Remoulins
Société
Par Chay Christophe
Publié le 16/09/2021 à 13:45

Violences conjugales : De plus en plus d'affaires traitées dans le Gard

Deux ans après la tenue d’un « Grenelle des Violences faites aux femmes », le CIDFF du Gard - Centre d’information sur les Droits des Femmes et des Familles - organisait au Pont-du-Gard les premières assises départementales consacrées à ce sujet. Un événement coordonné par la Communauté de communes du Pont-du-Gard, et qui a rempli l’auditorium du site. De nombreux acteurs représentant l’Etat, les Forces de l’ordre, la Justice et le Médico-social ont participé à une table ronde d’ouverture précédant la tenue de plusieurs ateliers, étalés sur toute la journée.

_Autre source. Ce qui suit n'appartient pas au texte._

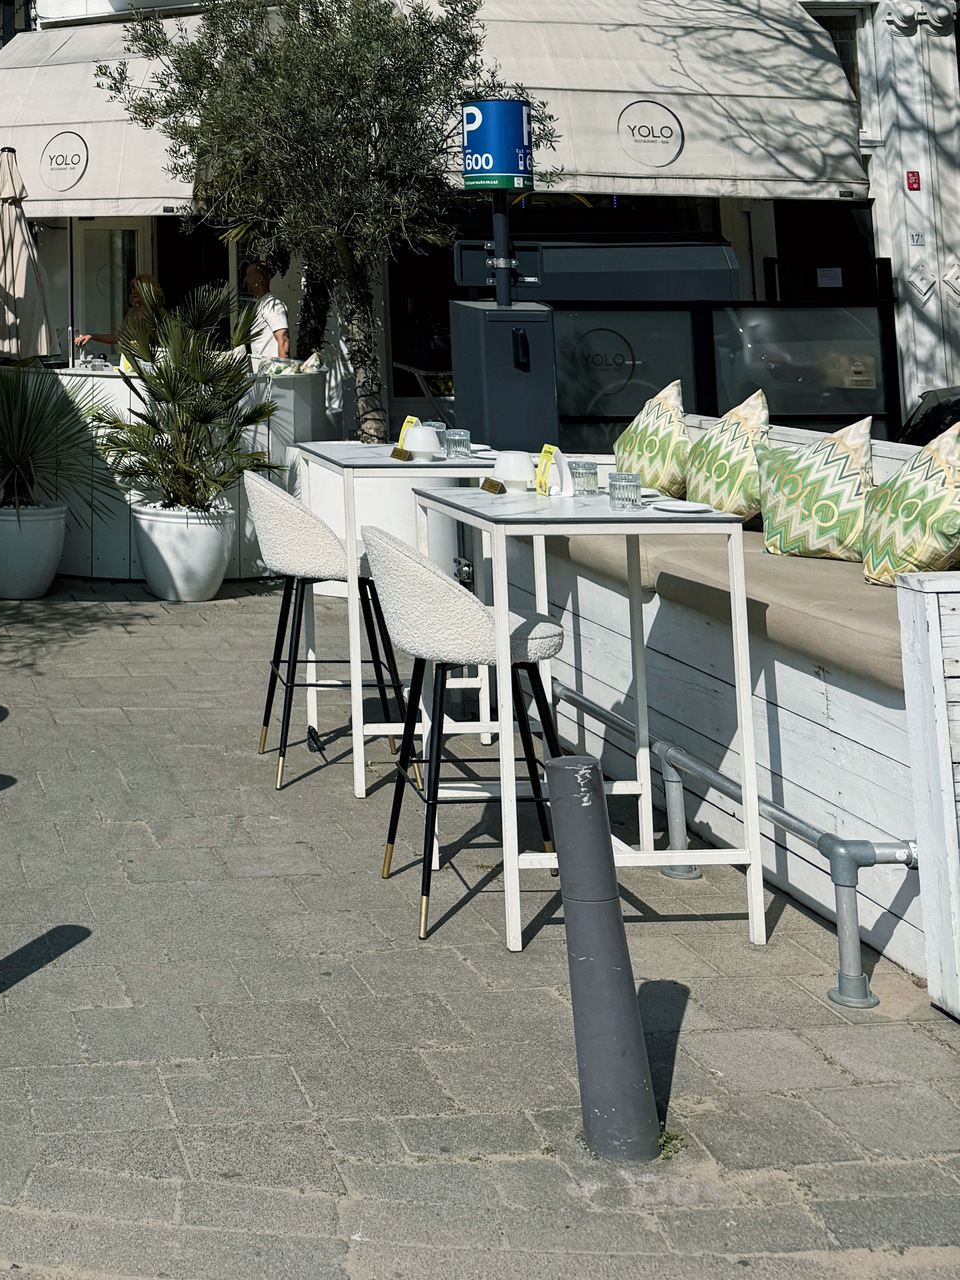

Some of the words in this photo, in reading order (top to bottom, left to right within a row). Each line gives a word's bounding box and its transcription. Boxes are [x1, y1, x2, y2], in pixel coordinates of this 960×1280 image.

Le bilan du Grenelle a été évoqué, et parole a été donnée aux différents acteurs afin d’apprécier les évolutions de la situation des violences faites aux femmes dans le Gard, classé comme le 2e département le plus « violent » en la matière d’Occitanie. Des analyses qui tiennent également compte des travaux de l’Observatoire gardois organisé en juillet 2020. L’entité a été qualifiée de « meilleur accompagnement qui soit » après le dépôt d’une plainte.


Sur ce sujet, le procureur de la République de Nîmes a précisé que les mains courantes étaient désormais prohibées, afin d’assurer un meilleur suivi des victimes et de leurs agresseurs. Au niveau du Tribunal de Nîmes, on note une augmentation de 100% des violences conjugales, avec pas moins de 780 affaires traitées à l’année : « auparavant, on traitait 3-4 affaires par jour, désormais on est passé à 10-12 » souligne le procureur Maurel. Même si le nombre de meurtres diminue, le Gard a encore été frappé par ce fléau, avec une jeune femme tuée par des coups de couteau en juillet dernier à Vauvert.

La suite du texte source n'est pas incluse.